→ Stored records
__________

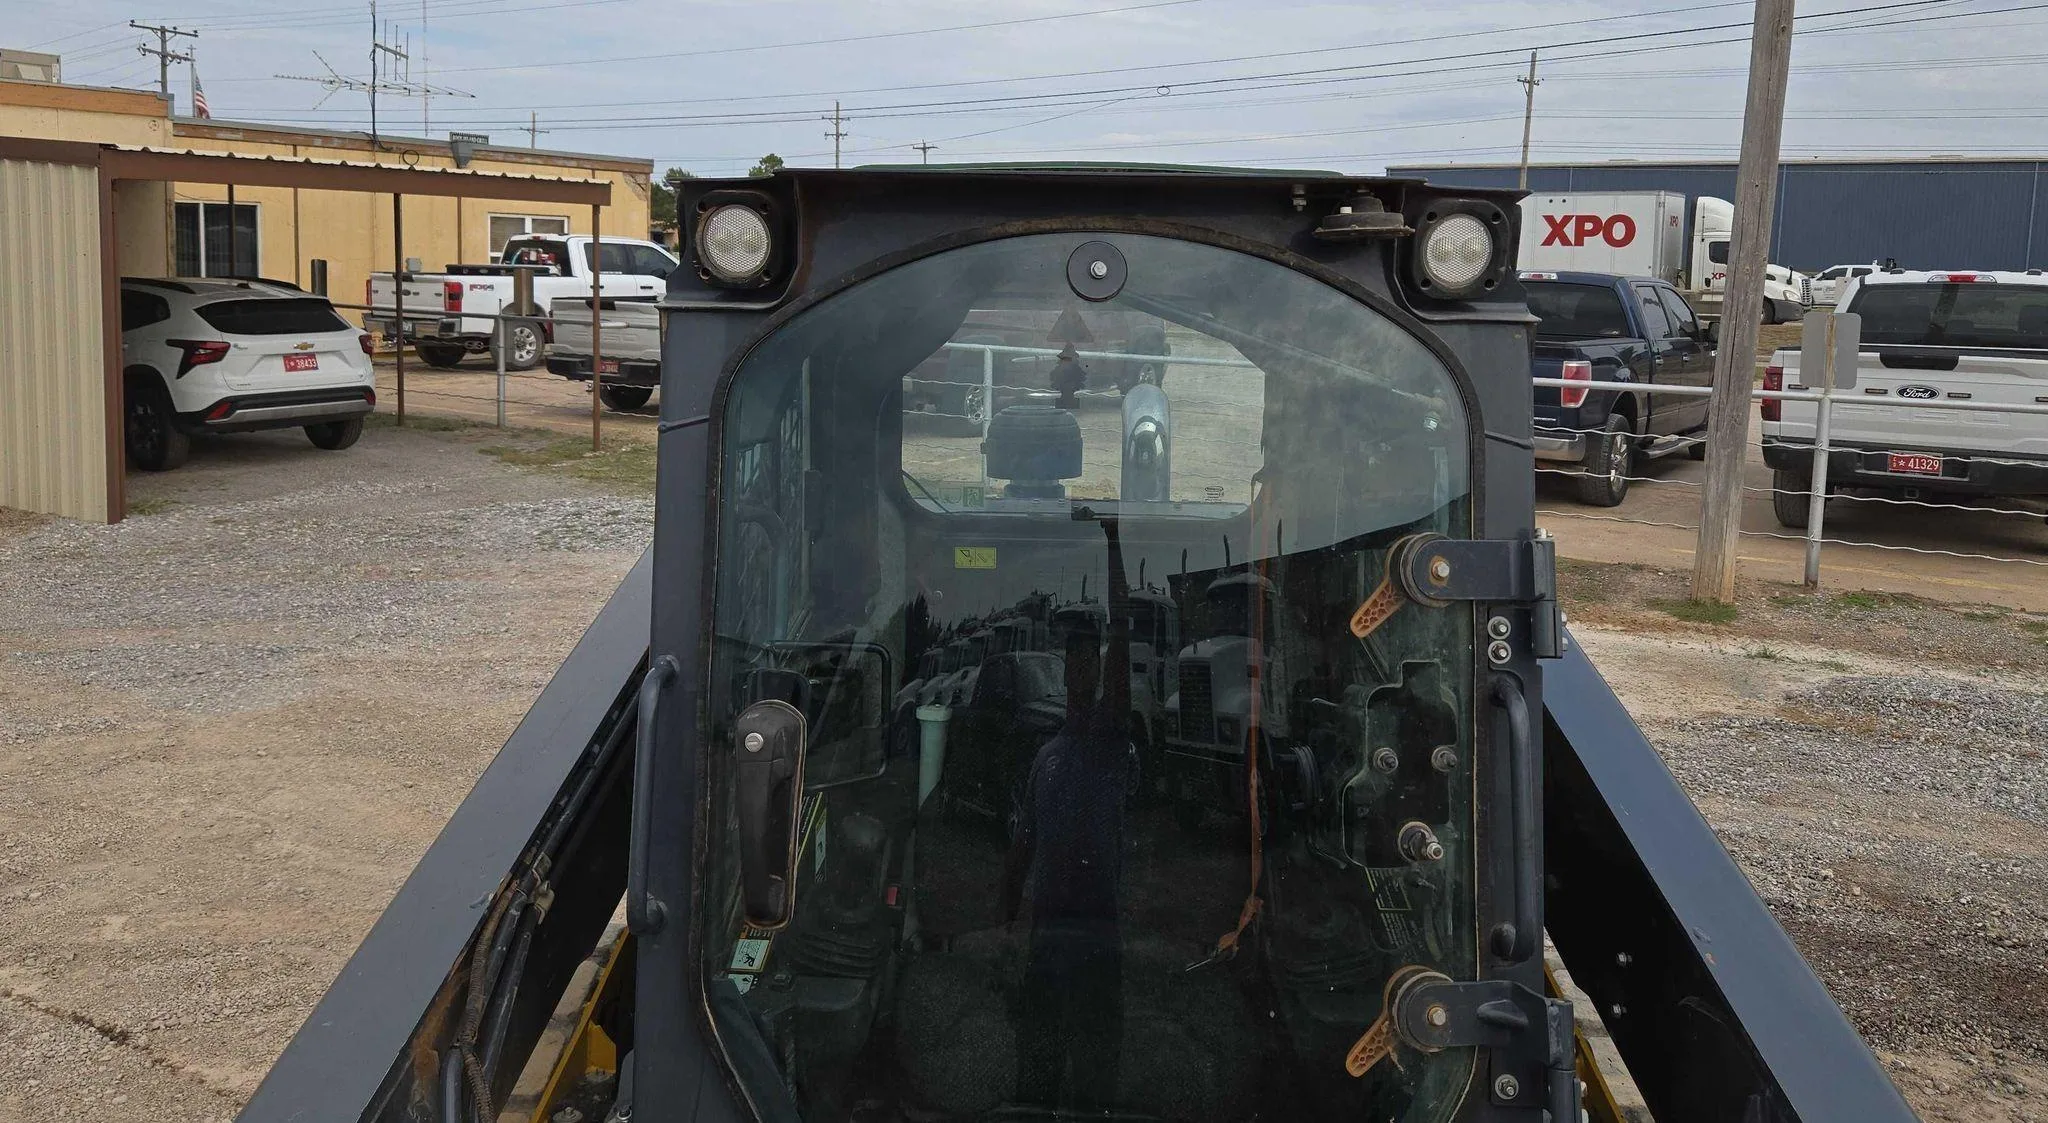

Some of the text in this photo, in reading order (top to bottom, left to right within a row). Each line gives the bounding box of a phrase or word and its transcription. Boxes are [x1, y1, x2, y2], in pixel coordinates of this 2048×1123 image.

[1669, 215, 1679, 228] XPO
[1540, 214, 1636, 248] XPO
[1711, 272, 1726, 280] XP
[296, 359, 317, 369] 38433
[1903, 388, 1931, 398] Ford
[1908, 457, 1940, 471] 41329

__________

→ Directions for this task
Go through the lines above and write each one out verbatim, skipping the pictures.

→ Solution to this problem
Some of the text in this photo, in reading order (top to bottom, left to right within a row). Each line gives the bounding box of a phrase or word and its transcription. Boxes are [x1, y1, x2, y2], in pixel coordinates of this 2048×1123 image.

[1669, 215, 1679, 228] XPO
[1540, 214, 1636, 248] XPO
[1711, 272, 1726, 280] XP
[296, 359, 317, 369] 38433
[1903, 388, 1931, 398] Ford
[1908, 457, 1940, 471] 41329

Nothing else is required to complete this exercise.